= Task item =
The records that follow are to be given again exactly. Do not carry over any image.

::: Excerpted records :::

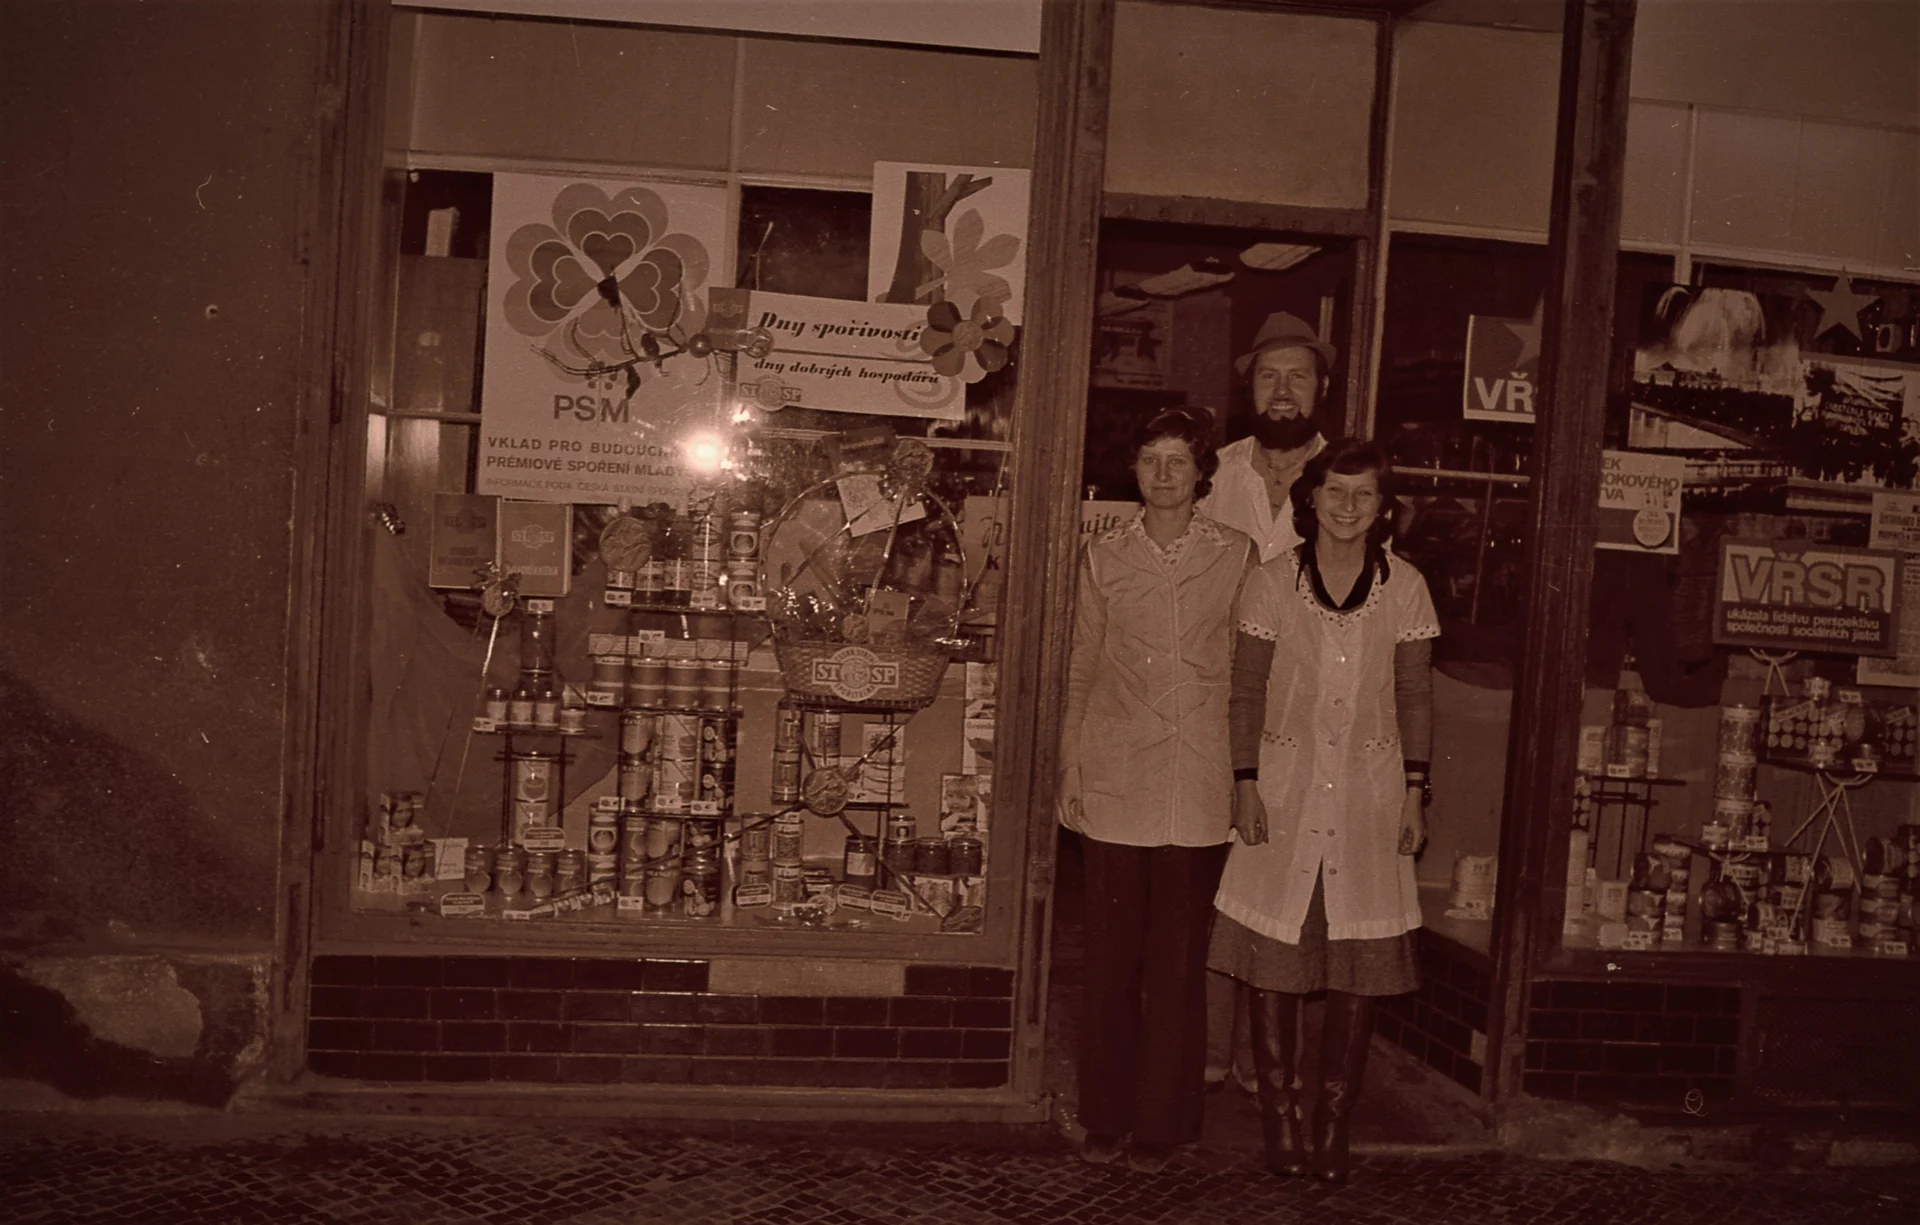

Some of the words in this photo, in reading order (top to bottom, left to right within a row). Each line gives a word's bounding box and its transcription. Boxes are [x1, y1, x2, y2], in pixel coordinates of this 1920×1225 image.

[758, 311, 807, 338] Dny
[754, 357, 785, 374] dny
[789, 360, 852, 379] dobrých
[1474, 371, 1535, 413] VŘ
[553, 394, 630, 424] PSM
[487, 436, 542, 450] VKLAD
[549, 440, 582, 452] PRO
[486, 455, 562, 471] PRÉMIOVÉ
[567, 459, 631, 475] SPOŘENÍ
[1731, 552, 1885, 610] VŘSR
[1726, 608, 1769, 621] ukázala
[1773, 611, 1809, 625] lidstvu
[1813, 614, 1880, 630] perspektivu
[1726, 621, 1789, 637] společnosti
[816, 663, 841, 681] ST
[871, 667, 895, 683] SP
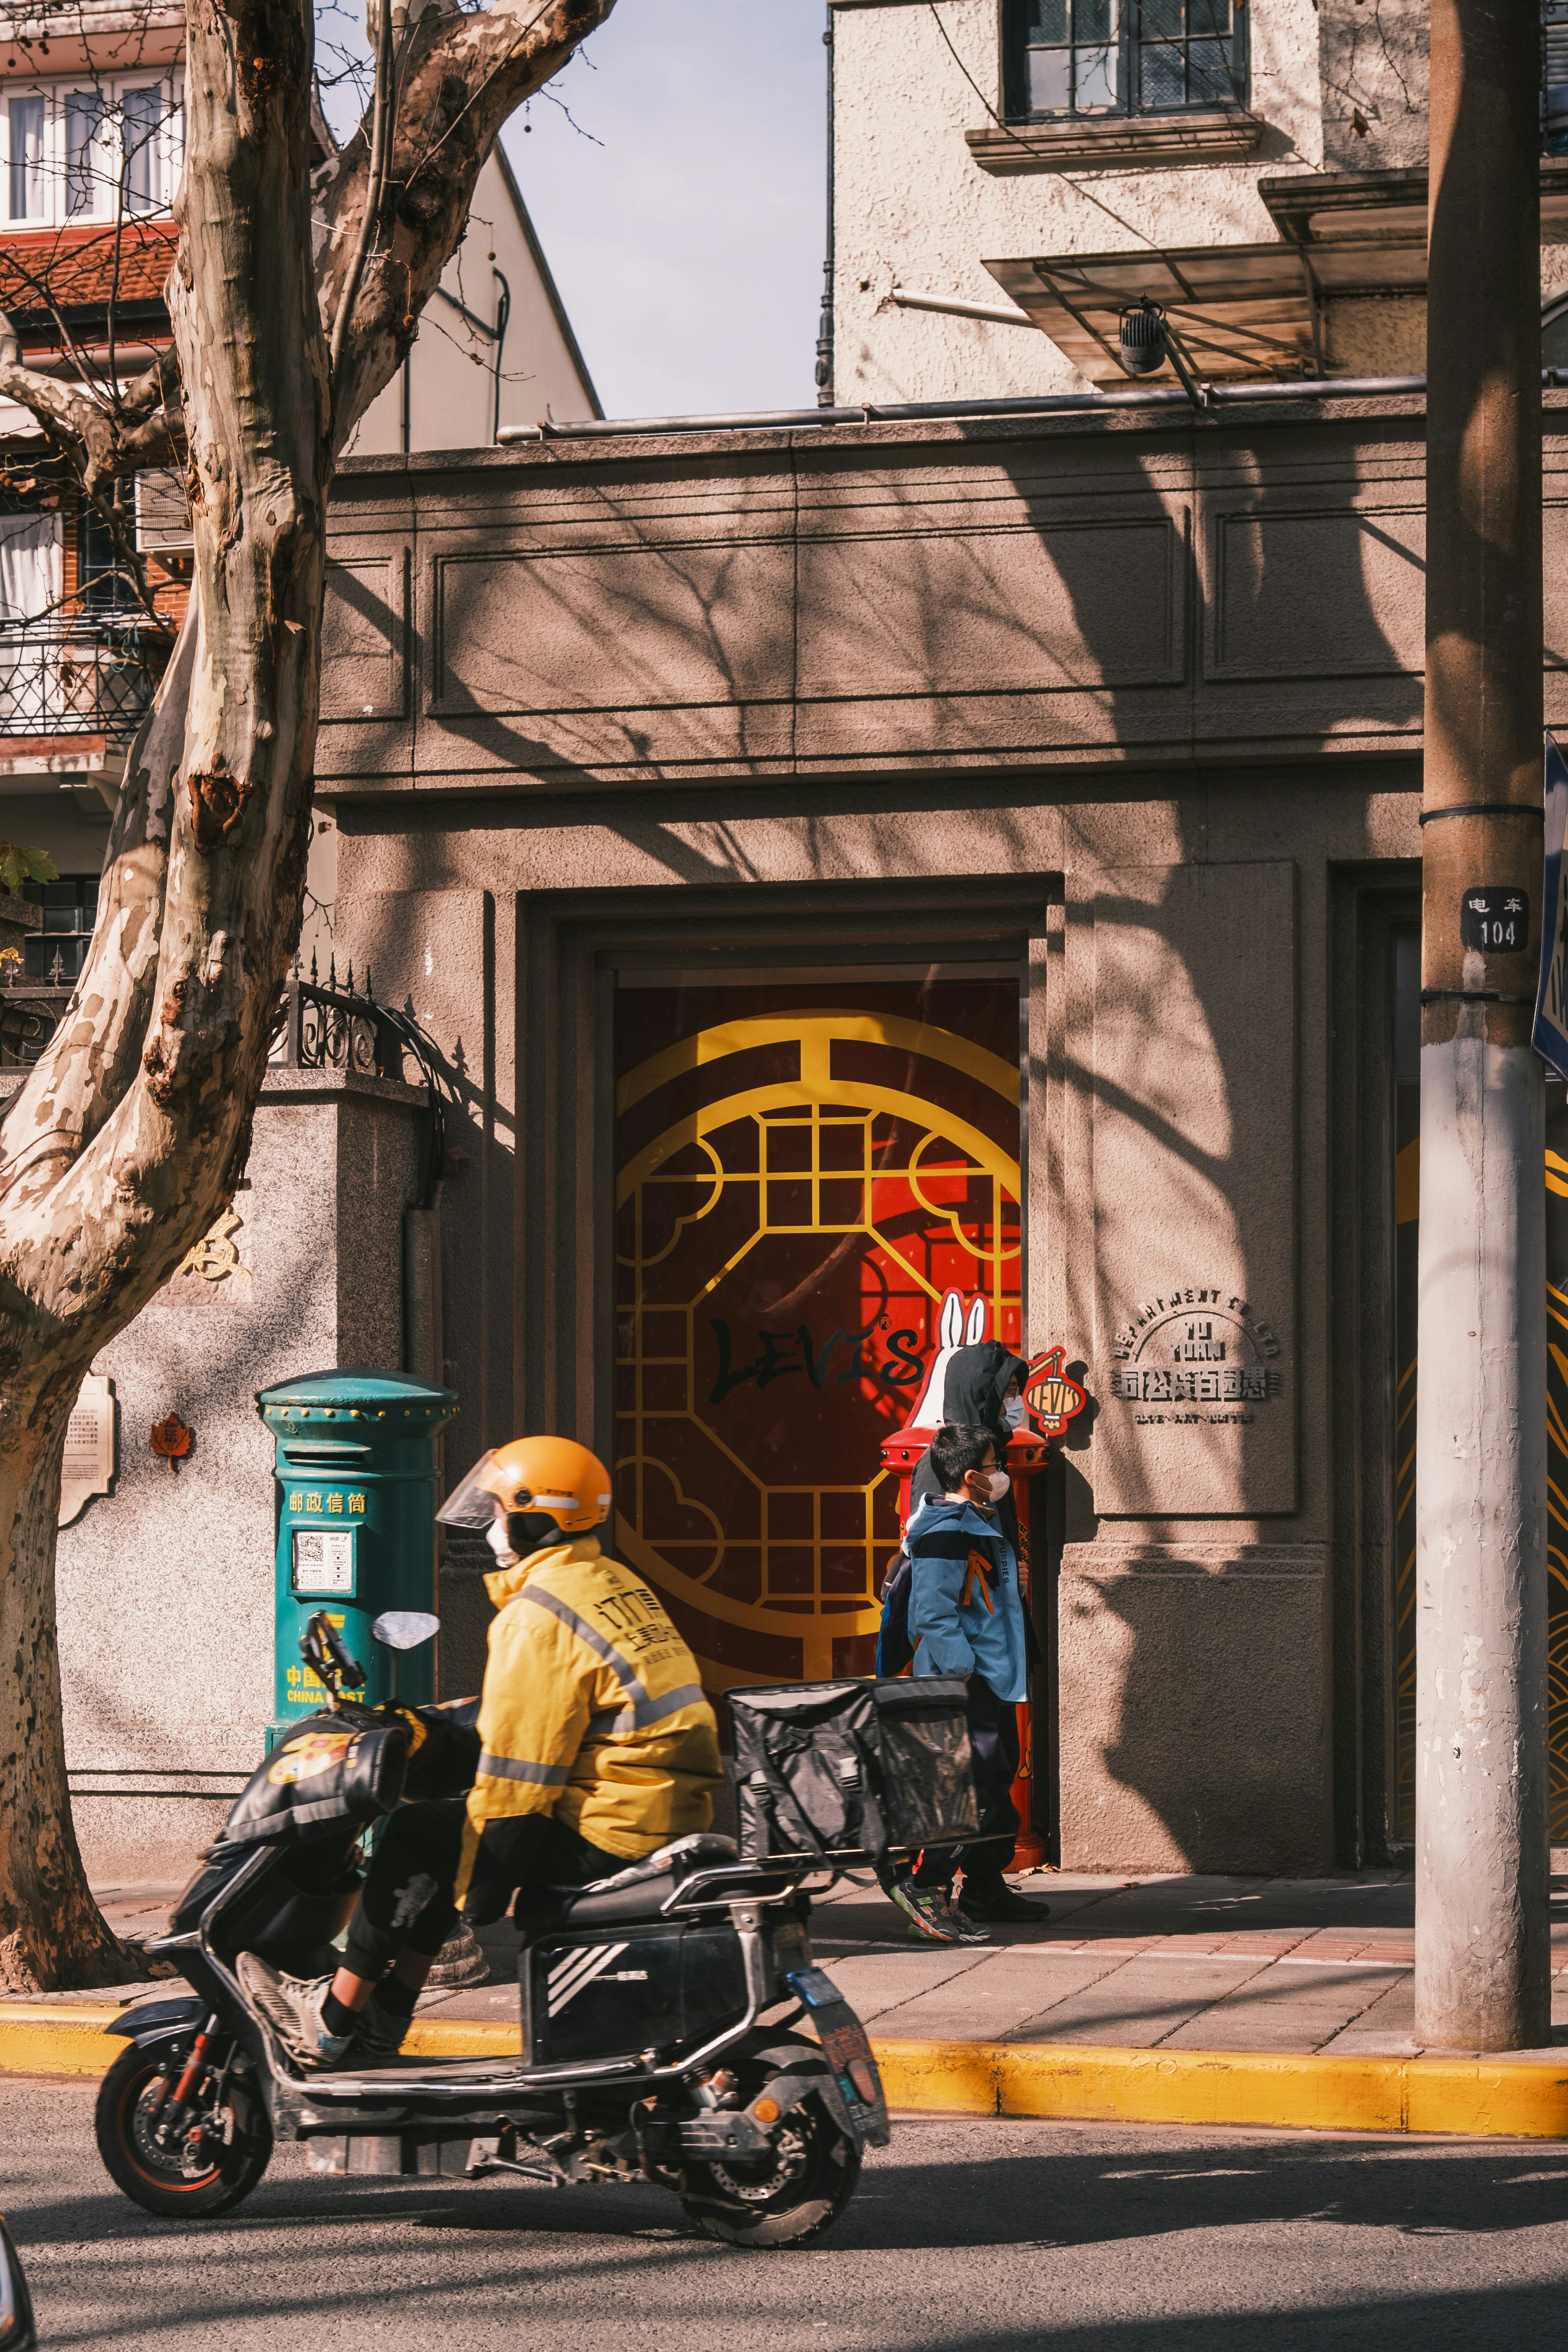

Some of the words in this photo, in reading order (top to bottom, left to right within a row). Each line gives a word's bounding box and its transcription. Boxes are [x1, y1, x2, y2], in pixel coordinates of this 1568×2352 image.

[1469, 898, 1522, 913] 电车
[1482, 921, 1515, 945] 104
[1111, 1286, 1219, 1360] DEPARTMENT
[1181, 1321, 1210, 1339] YU
[1167, 1340, 1223, 1360] YUAN
[289, 1492, 365, 1514] 邮政信筒
[998, 1539, 1009, 1584] PUPPIES
[287, 1690, 324, 1703] CHINA

:::

= Output of the task =
Some of the words in this photo, in reading order (top to bottom, left to right within a row). Each line gives a word's bounding box and its transcription. Boxes are [x1, y1, x2, y2], in pixel coordinates of this 1920×1225 image.

[758, 311, 807, 338] Dny
[754, 357, 785, 374] dny
[789, 360, 852, 379] dobrých
[1474, 371, 1535, 413] VŘ
[553, 394, 630, 424] PSM
[487, 436, 542, 450] VKLAD
[549, 440, 582, 452] PRO
[486, 455, 562, 471] PRÉMIOVÉ
[567, 459, 631, 475] SPOŘENÍ
[1731, 552, 1885, 610] VŘSR
[1726, 608, 1769, 621] ukázala
[1773, 611, 1809, 625] lidstvu
[1813, 614, 1880, 630] perspektivu
[1726, 621, 1789, 637] společnosti
[816, 663, 841, 681] ST
[871, 667, 895, 683] SP

Some of the words in this photo, in reading order (top to bottom, left to right within a row). Each line gives a word's bounding box and its transcription. Boxes are [x1, y1, x2, y2], in pixel coordinates of this 1568×2352 image.

[1469, 898, 1522, 913] 电车
[1482, 921, 1515, 945] 104
[1111, 1286, 1219, 1360] DEPARTMENT
[1181, 1321, 1210, 1339] YU
[1167, 1340, 1223, 1360] YUAN
[289, 1492, 365, 1514] 邮政信筒
[998, 1539, 1009, 1584] PUPPIES
[287, 1690, 324, 1703] CHINA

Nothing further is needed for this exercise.